In this small coterie of films there is a notion that desire is more complex than primal lust. Across these films, desire is a smorgasbord of cultural and social influences, feeding into itself and informing how we respond sexually. In and of itself, desire is a neutral feeling – what adorns it with malice is the structure around us. Whether it’s the presence of the police and the inherent suggestion of criminality that comes with a police presence, whether it’s the way that cities can feel like they’re designed to push us apart, or whether it’s the way social media has edged itself into the part of our brains that feels most rewarded by the instant rush of a ‘like’, desire is not a simple one-way street. 
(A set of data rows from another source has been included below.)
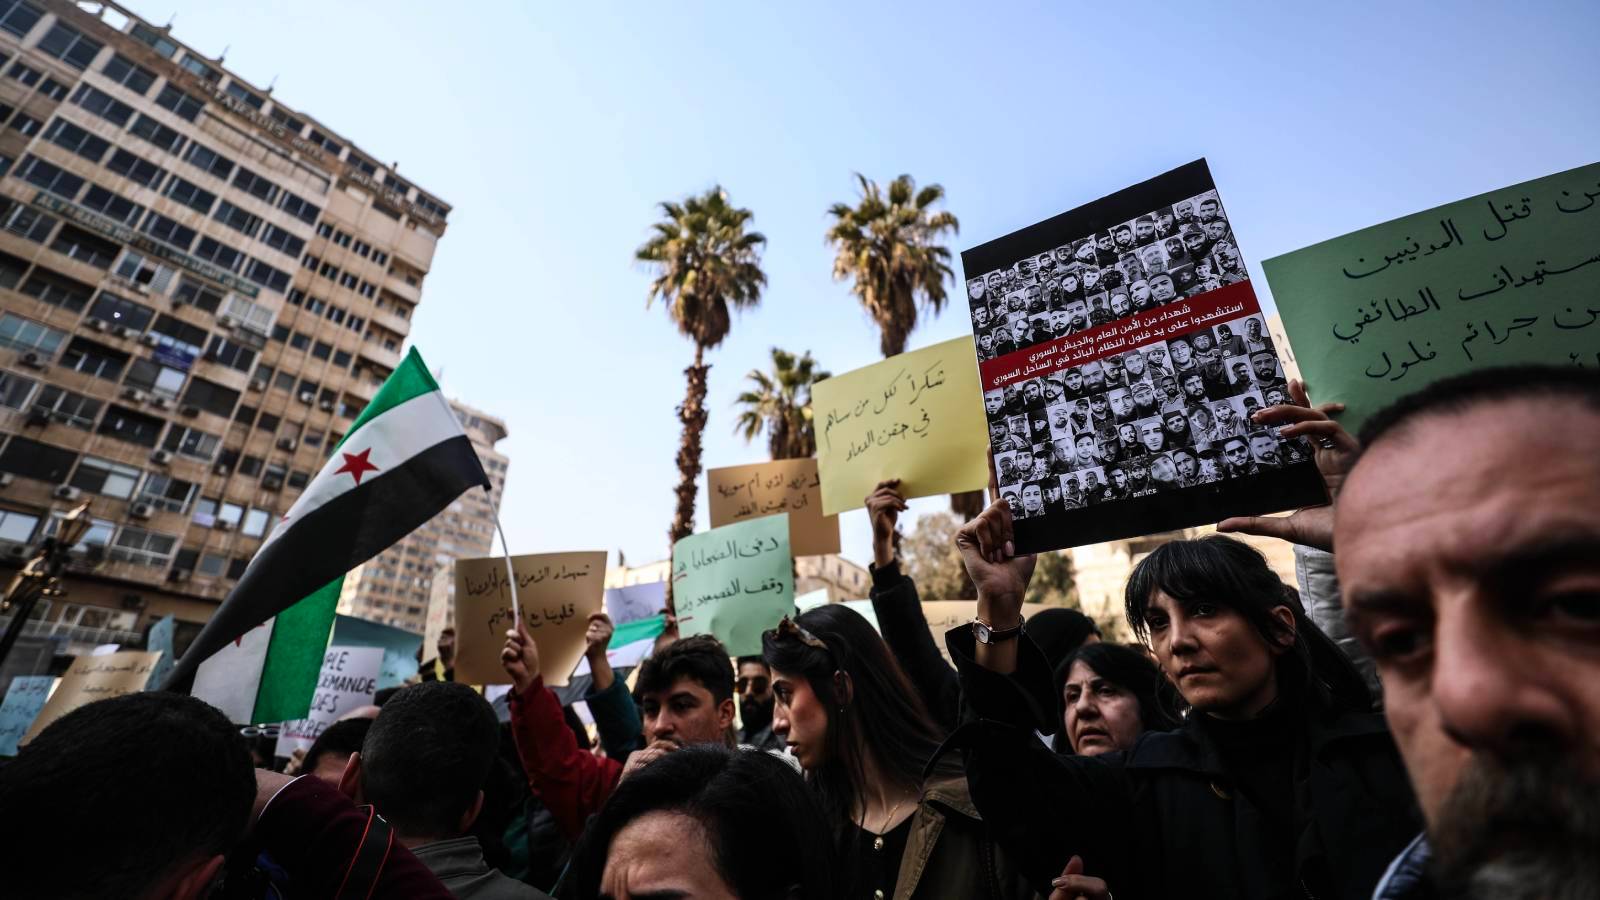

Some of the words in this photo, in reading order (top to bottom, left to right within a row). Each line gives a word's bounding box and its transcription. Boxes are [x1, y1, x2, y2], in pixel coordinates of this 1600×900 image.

[1483, 197, 1532, 242] قتل
[1144, 316, 1158, 327] من
[1160, 305, 1191, 323] شهداء
[1191, 303, 1244, 324] استشهدوا
[1332, 286, 1441, 344] الطائفي
[1096, 327, 1118, 343] العام
[1120, 318, 1142, 337] الأمن
[1153, 328, 1165, 340] يد
[1167, 320, 1189, 336] على
[1060, 335, 1094, 353] والجيش
[1097, 336, 1127, 354] النظام
[1127, 330, 1151, 346] فلول
[1461, 314, 1539, 361] جرائم
[1028, 345, 1058, 363] السوري
[1055, 352, 1070, 367] في
[1072, 345, 1096, 360] البائد
[1365, 340, 1437, 381] فلول
[993, 368, 1021, 386] السوري
[1022, 359, 1053, 376] الساحل
[873, 368, 905, 415] لكل
[854, 398, 870, 418] من
[824, 408, 851, 450] ساهم
[912, 408, 931, 438] في
[877, 422, 909, 447] حقن
[846, 430, 874, 462] الدماء
[747, 472, 760, 498] أم
[691, 540, 737, 570] الضحايا
[696, 577, 740, 607] التصعيد
[744, 578, 784, 595] وقف
[529, 613, 542, 628] مع
[544, 603, 575, 625] قلوبنا
[317, 673, 376, 696] EMANDE
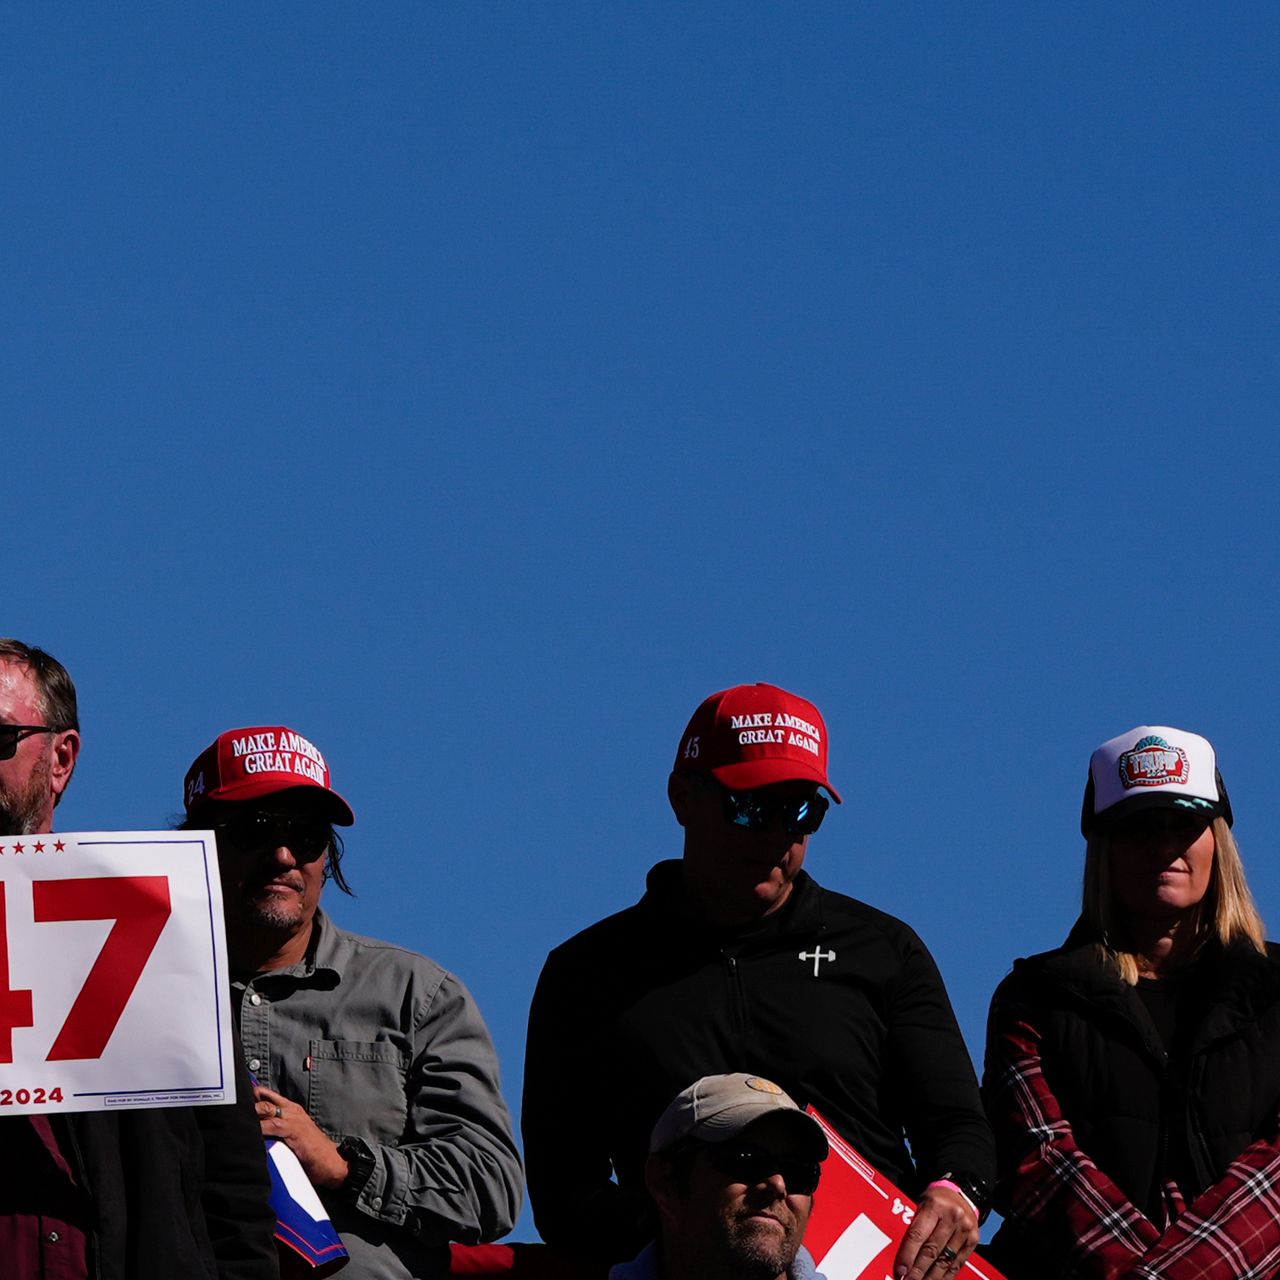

The fact that an increasing amount of gay cinema is increasingly willing to take on genre tropes to tell more varied stories than just ones of forbidden lust is a sign of a culture more willing to engage with the notion of gay desire. The films mentioned above are all focused around male-male desires, and you can easily argue that there is an equivalent lack of genre films apparent in the other acronyms which form the LGBT+ banner (although the success of Killing Eve and The Handmaiden does suggest that change is afoot). As non-heteronormative desires break through on screen, how will they smash together with the tried-and-tested tropes and worlds of crime cinema?